Stored data entries:
════════
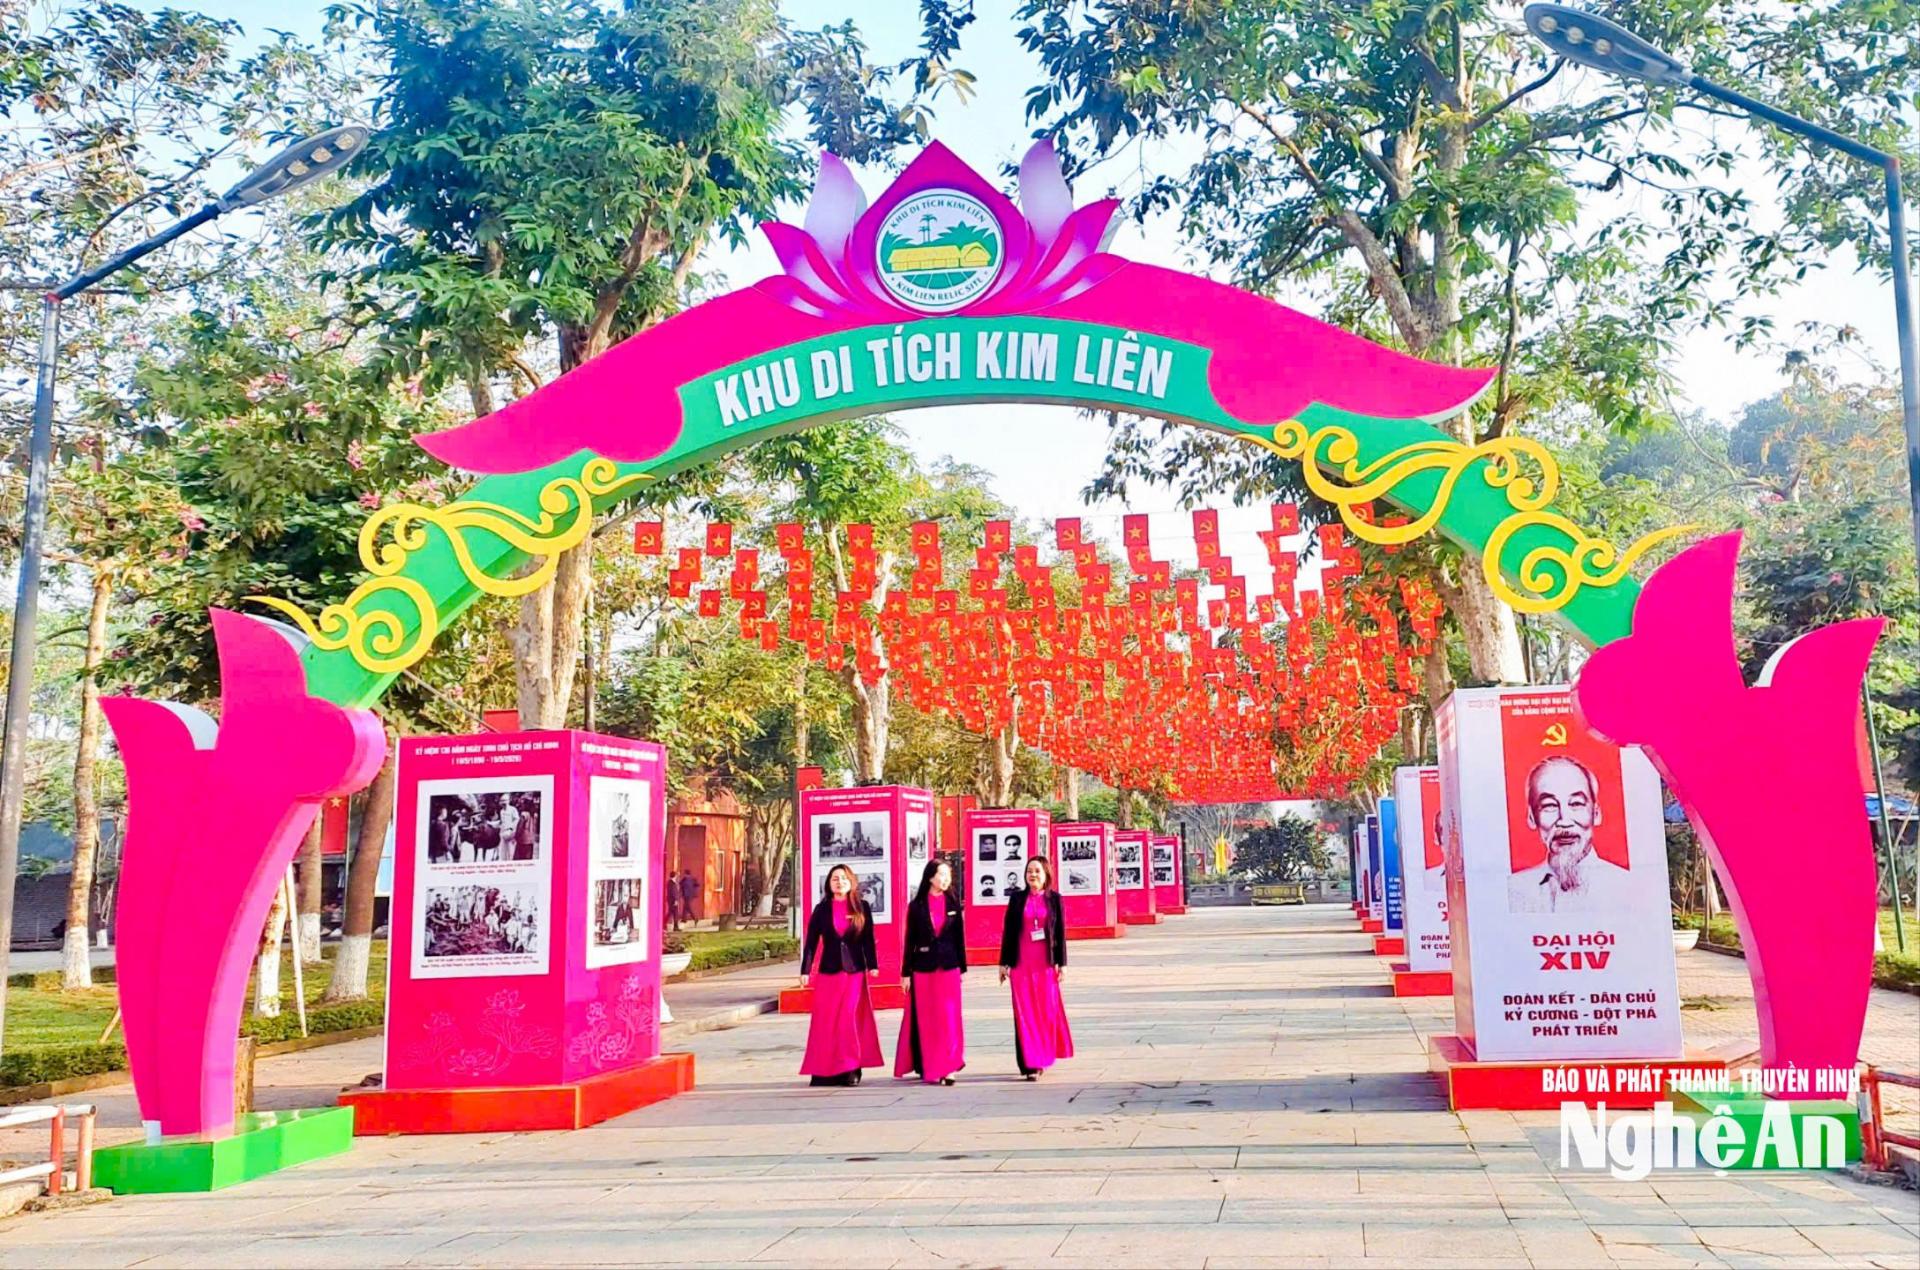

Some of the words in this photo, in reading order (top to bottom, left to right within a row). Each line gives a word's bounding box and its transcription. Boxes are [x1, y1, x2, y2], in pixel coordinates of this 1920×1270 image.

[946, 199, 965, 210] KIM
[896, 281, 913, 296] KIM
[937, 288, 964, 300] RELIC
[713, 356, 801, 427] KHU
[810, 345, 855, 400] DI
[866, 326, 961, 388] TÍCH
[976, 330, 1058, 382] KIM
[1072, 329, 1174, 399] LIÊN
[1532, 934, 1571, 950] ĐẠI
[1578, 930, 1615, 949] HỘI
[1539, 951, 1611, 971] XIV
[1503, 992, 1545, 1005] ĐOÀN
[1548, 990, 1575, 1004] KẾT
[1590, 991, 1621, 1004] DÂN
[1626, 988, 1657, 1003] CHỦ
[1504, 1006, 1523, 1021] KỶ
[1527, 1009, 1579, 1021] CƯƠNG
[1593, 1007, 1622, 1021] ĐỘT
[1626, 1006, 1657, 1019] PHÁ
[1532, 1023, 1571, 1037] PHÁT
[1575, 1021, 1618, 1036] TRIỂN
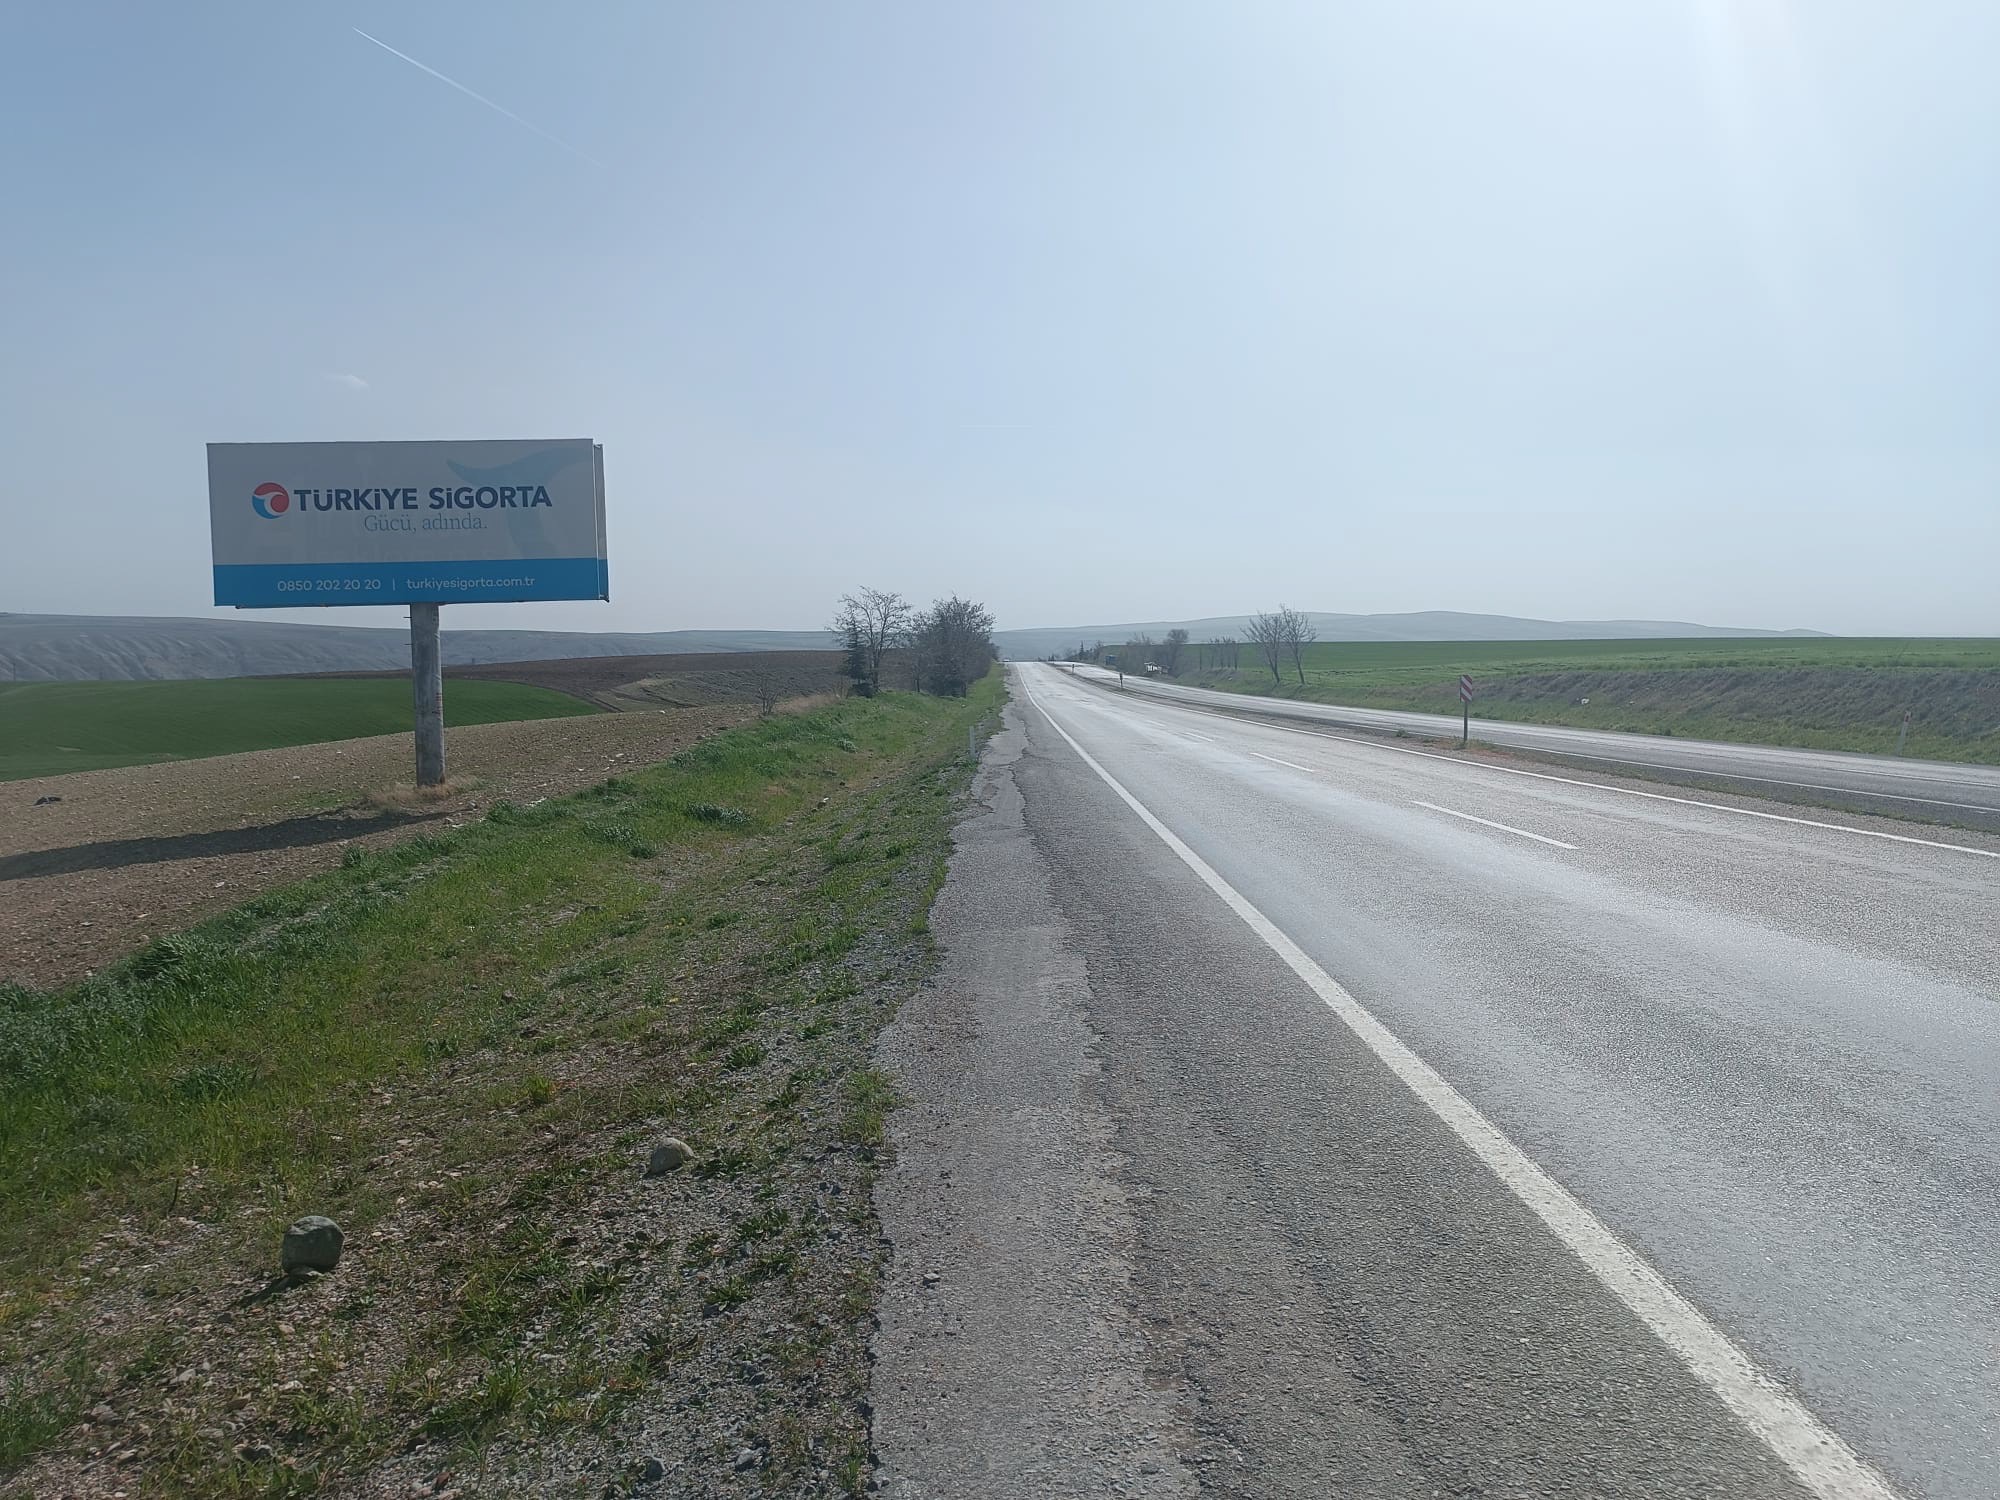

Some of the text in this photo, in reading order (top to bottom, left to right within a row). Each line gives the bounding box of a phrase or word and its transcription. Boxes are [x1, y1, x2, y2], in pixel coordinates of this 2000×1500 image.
════════
Exercise directions: Repeat the records exactly, without the pictures.

Answer area:
Some of the words in this photo, in reading order (top to bottom, left to right within a row). Each line gives a word's bounding box and its transcription. Boxes are [x1, y1, x2, y2], in pixel coordinates of this 1920×1270 image.

[946, 199, 965, 210] KIM
[896, 281, 913, 296] KIM
[937, 288, 964, 300] RELIC
[713, 356, 801, 427] KHU
[810, 345, 855, 400] DI
[866, 326, 961, 388] TÍCH
[976, 330, 1058, 382] KIM
[1072, 329, 1174, 399] LIÊN
[1532, 934, 1571, 950] ĐẠI
[1578, 930, 1615, 949] HỘI
[1539, 951, 1611, 971] XIV
[1503, 992, 1545, 1005] ĐOÀN
[1548, 990, 1575, 1004] KẾT
[1590, 991, 1621, 1004] DÂN
[1626, 988, 1657, 1003] CHỦ
[1504, 1006, 1523, 1021] KỶ
[1527, 1009, 1579, 1021] CƯƠNG
[1593, 1007, 1622, 1021] ĐỘT
[1626, 1006, 1657, 1019] PHÁ
[1532, 1023, 1571, 1037] PHÁT
[1575, 1021, 1618, 1036] TRIỂN

Some of the text in this photo, in reading order (top to bottom, left to right within a row). Each line gives the bounding box of a phrase or word and its transcription. Boxes are [x1, y1, x2, y2], in pixel coordinates of this 2000×1500 image.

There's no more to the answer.